**THE RECORDS**
++++++++++

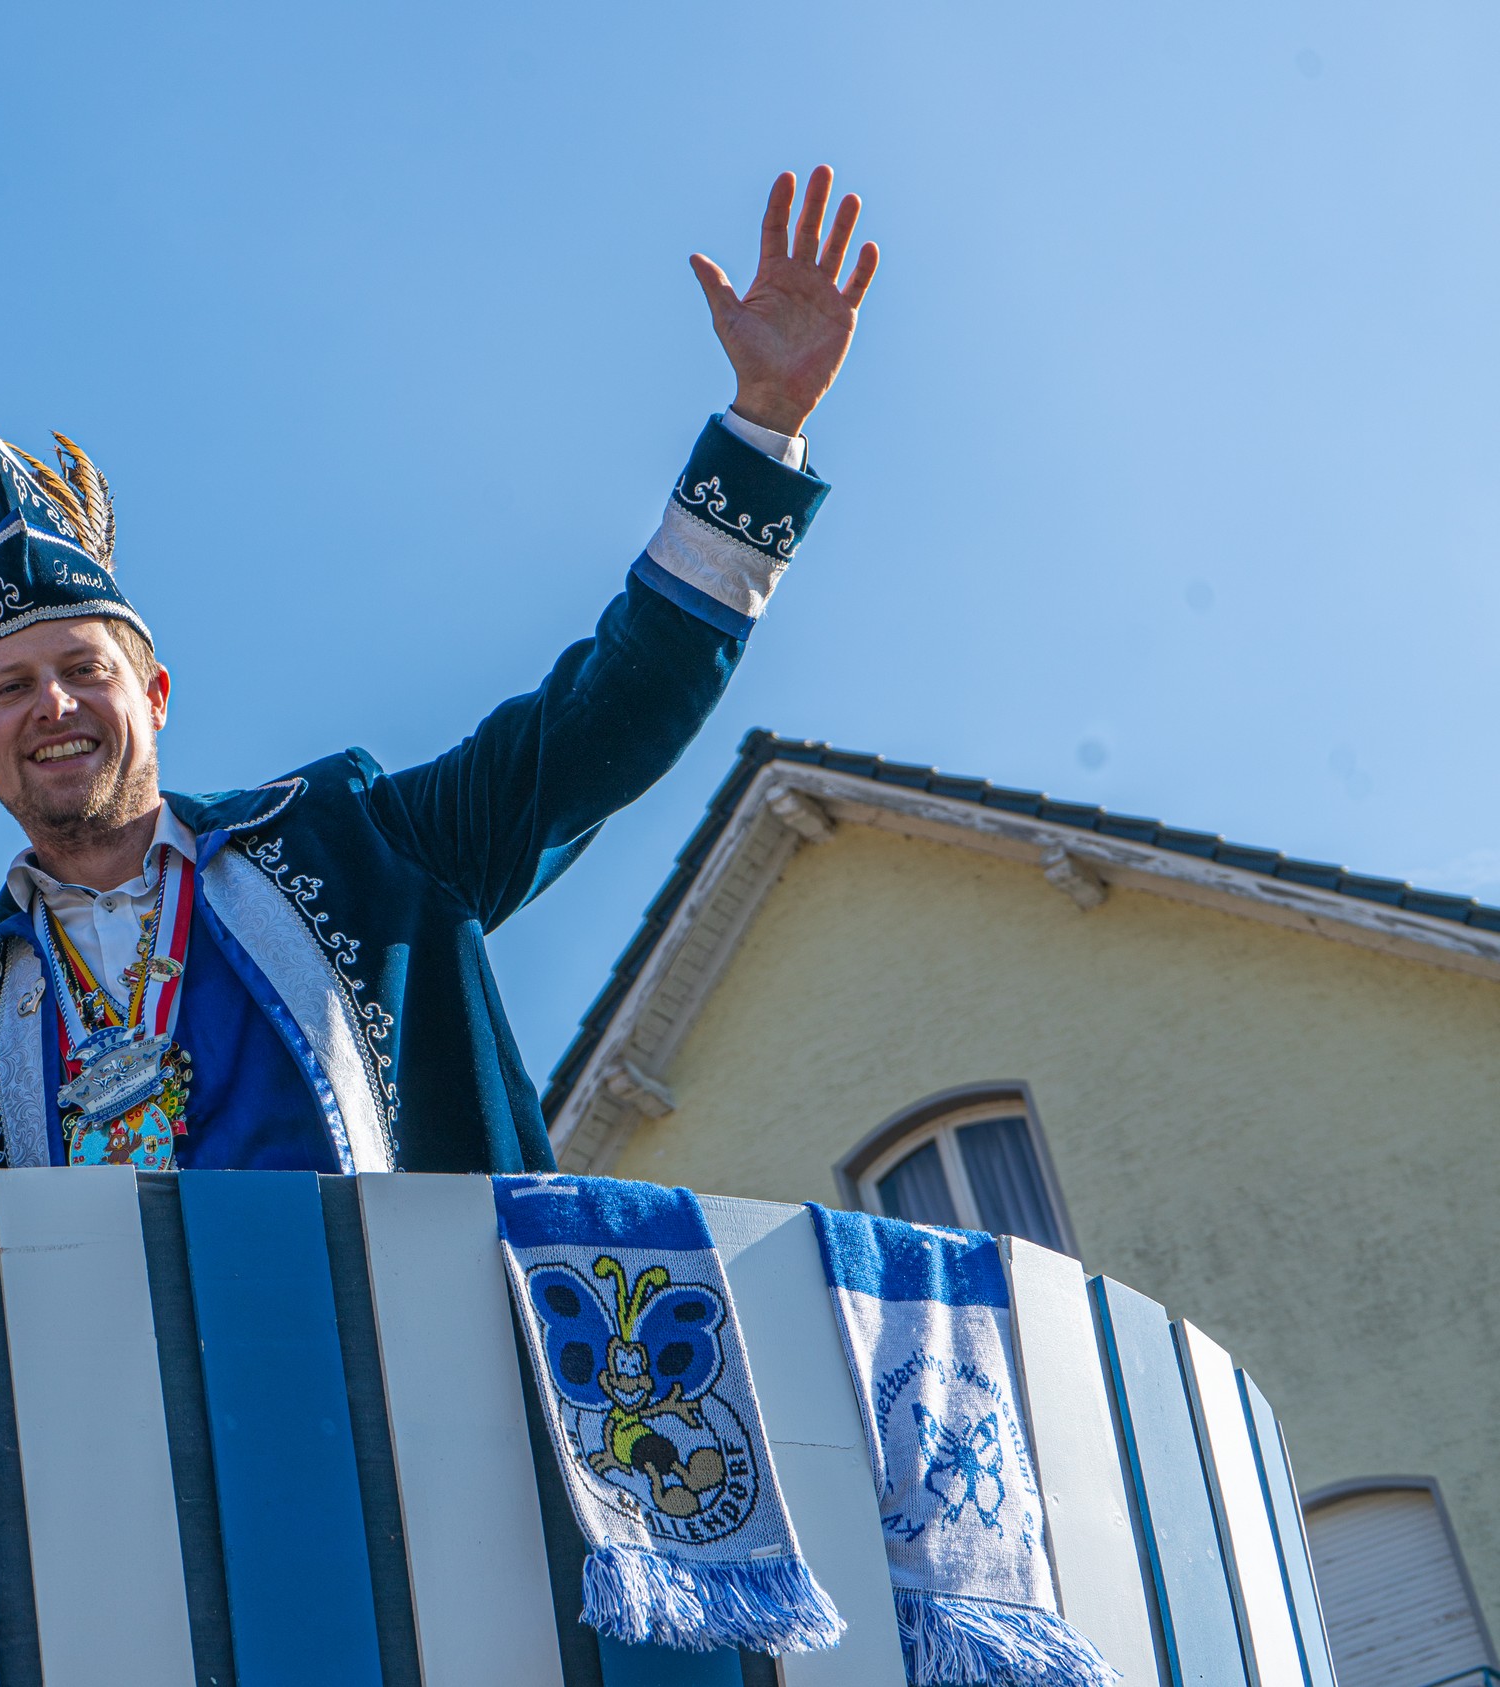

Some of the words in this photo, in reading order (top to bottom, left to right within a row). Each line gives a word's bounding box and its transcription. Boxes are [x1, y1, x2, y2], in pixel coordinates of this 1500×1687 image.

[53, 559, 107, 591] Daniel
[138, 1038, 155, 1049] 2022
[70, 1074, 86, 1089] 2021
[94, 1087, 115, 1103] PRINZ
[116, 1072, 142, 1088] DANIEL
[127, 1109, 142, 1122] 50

++++++++++

**EXERCISE BRIEF**
Give the records again exactly as they stand, so that only the pictures are missing.

**COMPLETED EXERCISE**
Some of the words in this photo, in reading order (top to bottom, left to right within a row). Each line gives a word's bounding box and its transcription. Boxes are [x1, y1, x2, y2], in pixel coordinates of this 1500×1687 image.

[53, 559, 107, 591] Daniel
[138, 1038, 155, 1049] 2022
[70, 1074, 86, 1089] 2021
[94, 1087, 115, 1103] PRINZ
[116, 1072, 142, 1088] DANIEL
[127, 1109, 142, 1122] 50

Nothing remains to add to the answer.